**BRIEF**
Each entry should be given again exactly, with any image left out.

*** MATERIAL FOR THIS EXERCISE ***

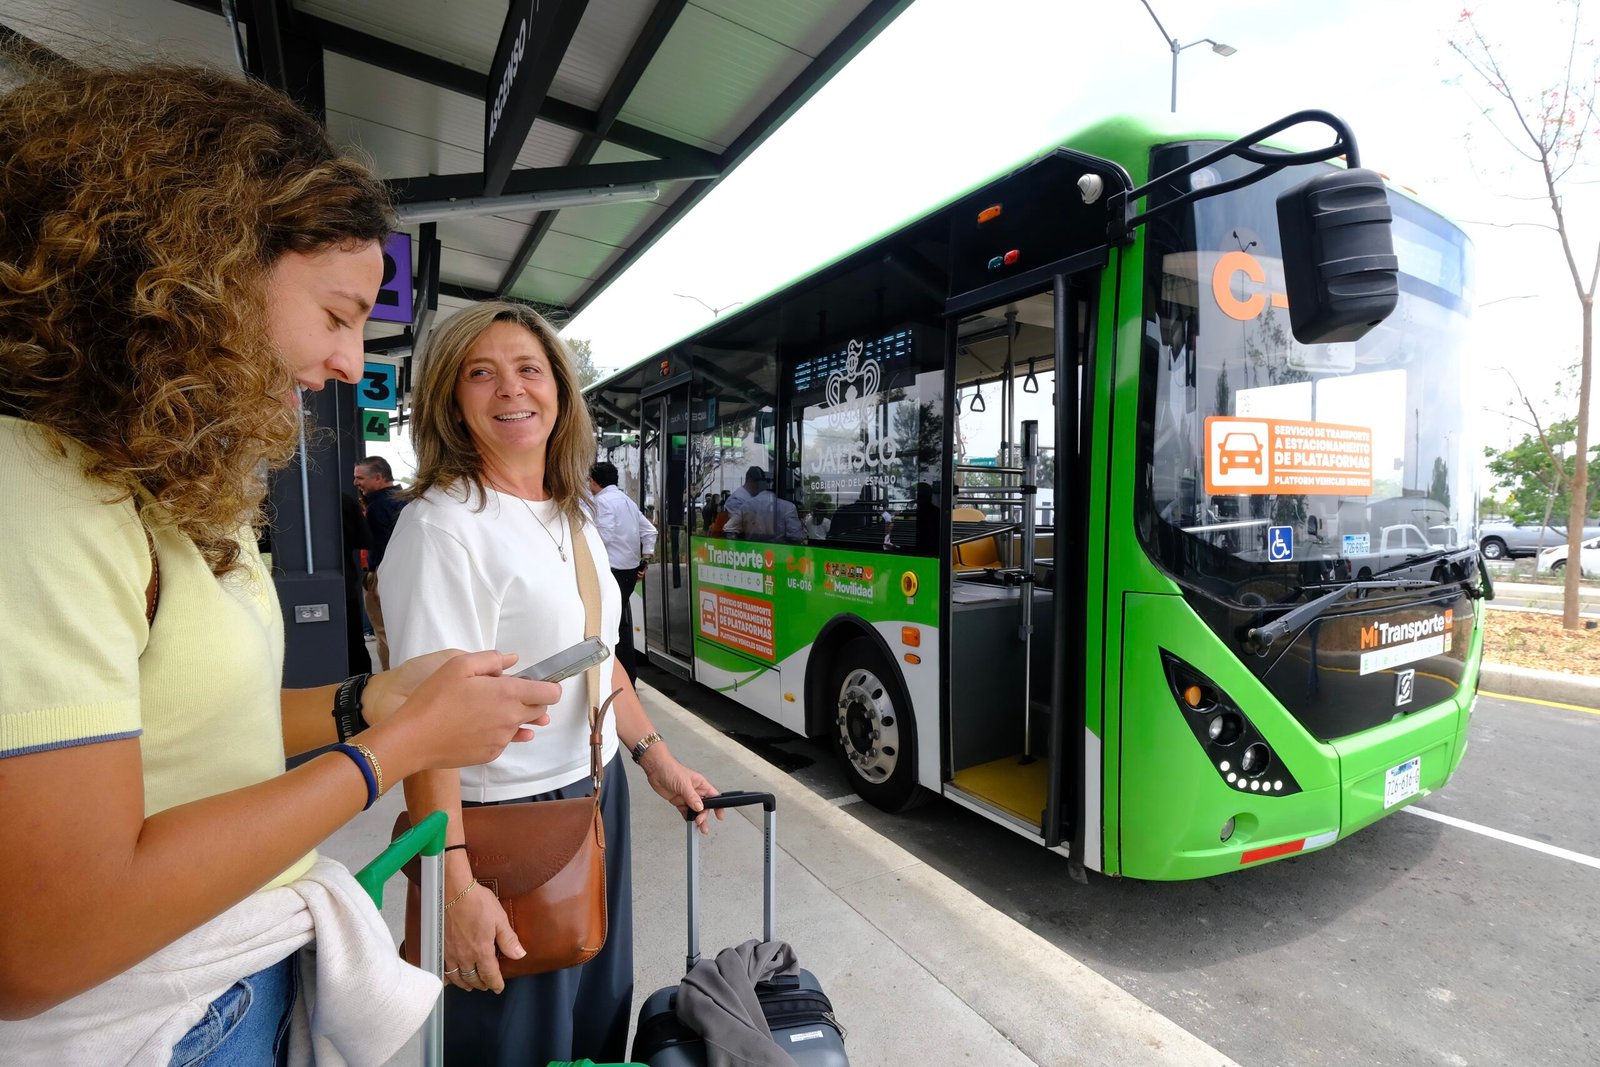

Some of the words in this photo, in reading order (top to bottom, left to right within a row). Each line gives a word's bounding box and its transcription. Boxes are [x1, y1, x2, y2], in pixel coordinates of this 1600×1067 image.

[489, 18, 527, 146] ASCENSO
[363, 371, 390, 401] 3
[366, 416, 387, 436] 4
[1274, 425, 1314, 437] SERVICIO
[1315, 428, 1325, 437] DE
[1326, 428, 1370, 442] TRANSPORTE
[811, 436, 899, 473] JALISCO
[1275, 438, 1283, 449] A
[1285, 437, 1370, 455] ESTACIONAMIENTO
[1274, 452, 1291, 465] DE
[1293, 452, 1370, 470] PLATAFORMAS
[811, 479, 846, 490] GOBIERNO
[848, 477, 862, 487] DEL
[865, 475, 896, 486] ESTADO
[1274, 475, 1314, 485] PLATFORM
[708, 545, 763, 572] Transporte
[787, 577, 812, 591] UE-016
[834, 579, 873, 598] Movilidad
[724, 606, 772, 627] ESTACIONAMIENTO
[720, 615, 727, 625] DE
[728, 616, 772, 641] PLATAFORMAS
[1361, 621, 1378, 650] Mi
[1379, 613, 1445, 645] Transporte
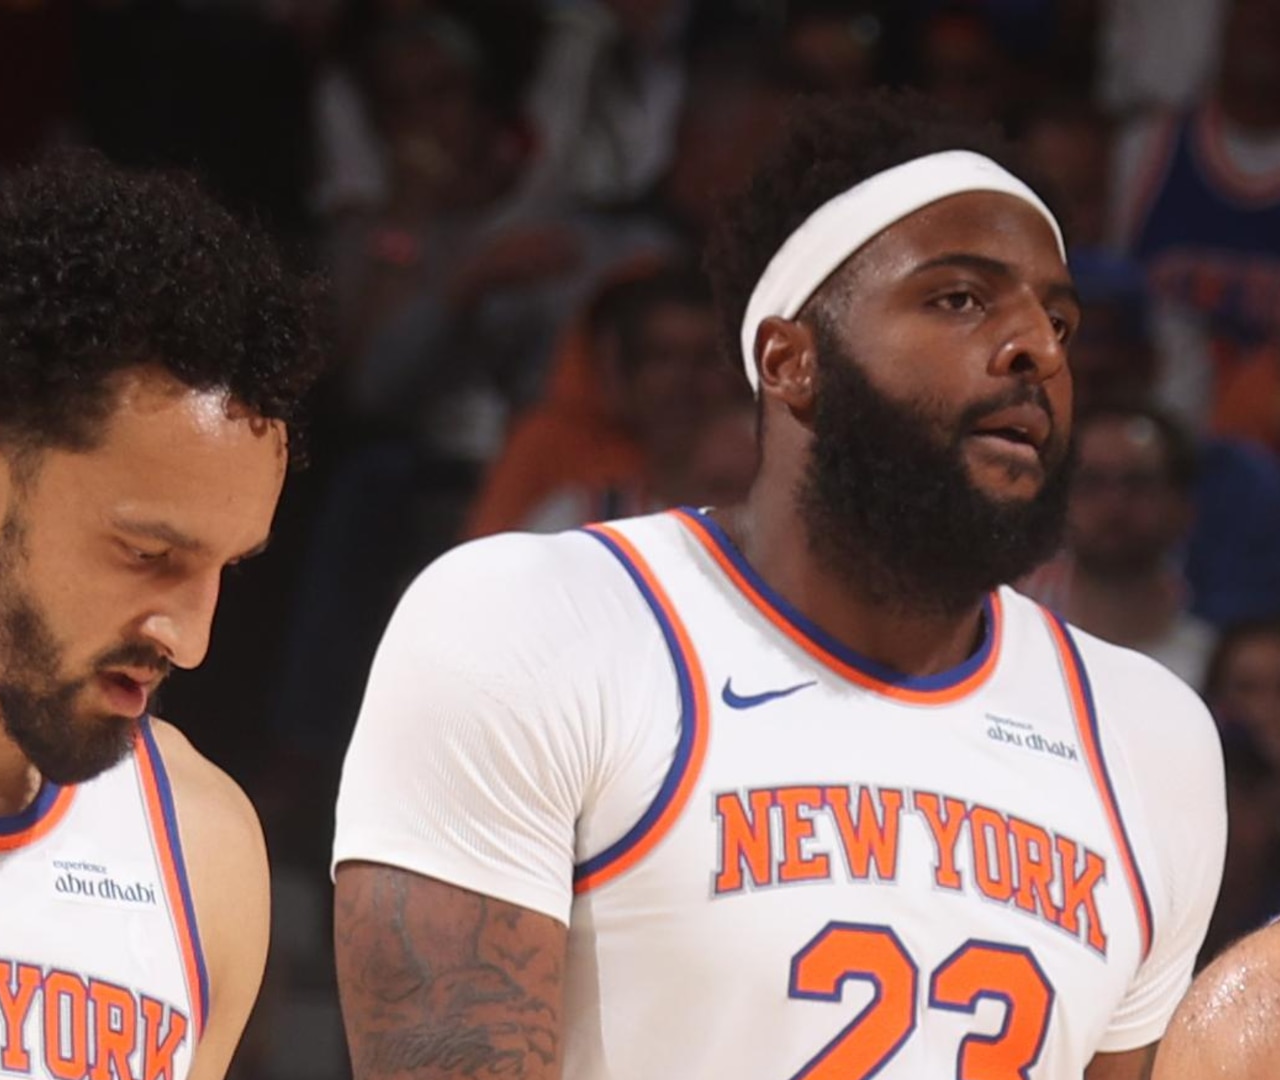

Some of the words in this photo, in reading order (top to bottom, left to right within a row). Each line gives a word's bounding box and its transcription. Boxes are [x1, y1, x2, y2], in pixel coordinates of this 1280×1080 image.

[987, 726, 1023, 746] abu
[1025, 733, 1079, 762] dhabi
[55, 873, 95, 897] abu
[98, 877, 157, 906] dhabi
[711, 784, 904, 898] NEW
[909, 788, 1107, 960] YORK

*** End of MATERIAL FOR THIS EXERCISE ***

**RESULT FOR THIS EXERCISE**
Some of the words in this photo, in reading order (top to bottom, left to right within a row). Each line gives a word's bounding box and its transcription. Boxes are [x1, y1, x2, y2], in pixel coordinates of this 1600×1067 image.

[489, 18, 527, 146] ASCENSO
[363, 371, 390, 401] 3
[366, 416, 387, 436] 4
[1274, 425, 1314, 437] SERVICIO
[1315, 428, 1325, 437] DE
[1326, 428, 1370, 442] TRANSPORTE
[811, 436, 899, 473] JALISCO
[1275, 438, 1283, 449] A
[1285, 437, 1370, 455] ESTACIONAMIENTO
[1274, 452, 1291, 465] DE
[1293, 452, 1370, 470] PLATAFORMAS
[811, 479, 846, 490] GOBIERNO
[848, 477, 862, 487] DEL
[865, 475, 896, 486] ESTADO
[1274, 475, 1314, 485] PLATFORM
[708, 545, 763, 572] Transporte
[787, 577, 812, 591] UE-016
[834, 579, 873, 598] Movilidad
[724, 606, 772, 627] ESTACIONAMIENTO
[720, 615, 727, 625] DE
[728, 616, 772, 641] PLATAFORMAS
[1361, 621, 1378, 650] Mi
[1379, 613, 1445, 645] Transporte

Some of the words in this photo, in reading order (top to bottom, left to right within a row). Each line gives a word's bounding box and its transcription. Boxes are [x1, y1, x2, y2], in pixel coordinates of this 1280×1080 image.

[987, 726, 1023, 746] abu
[1025, 733, 1079, 762] dhabi
[55, 873, 95, 897] abu
[98, 877, 157, 906] dhabi
[711, 784, 904, 898] NEW
[909, 788, 1107, 960] YORK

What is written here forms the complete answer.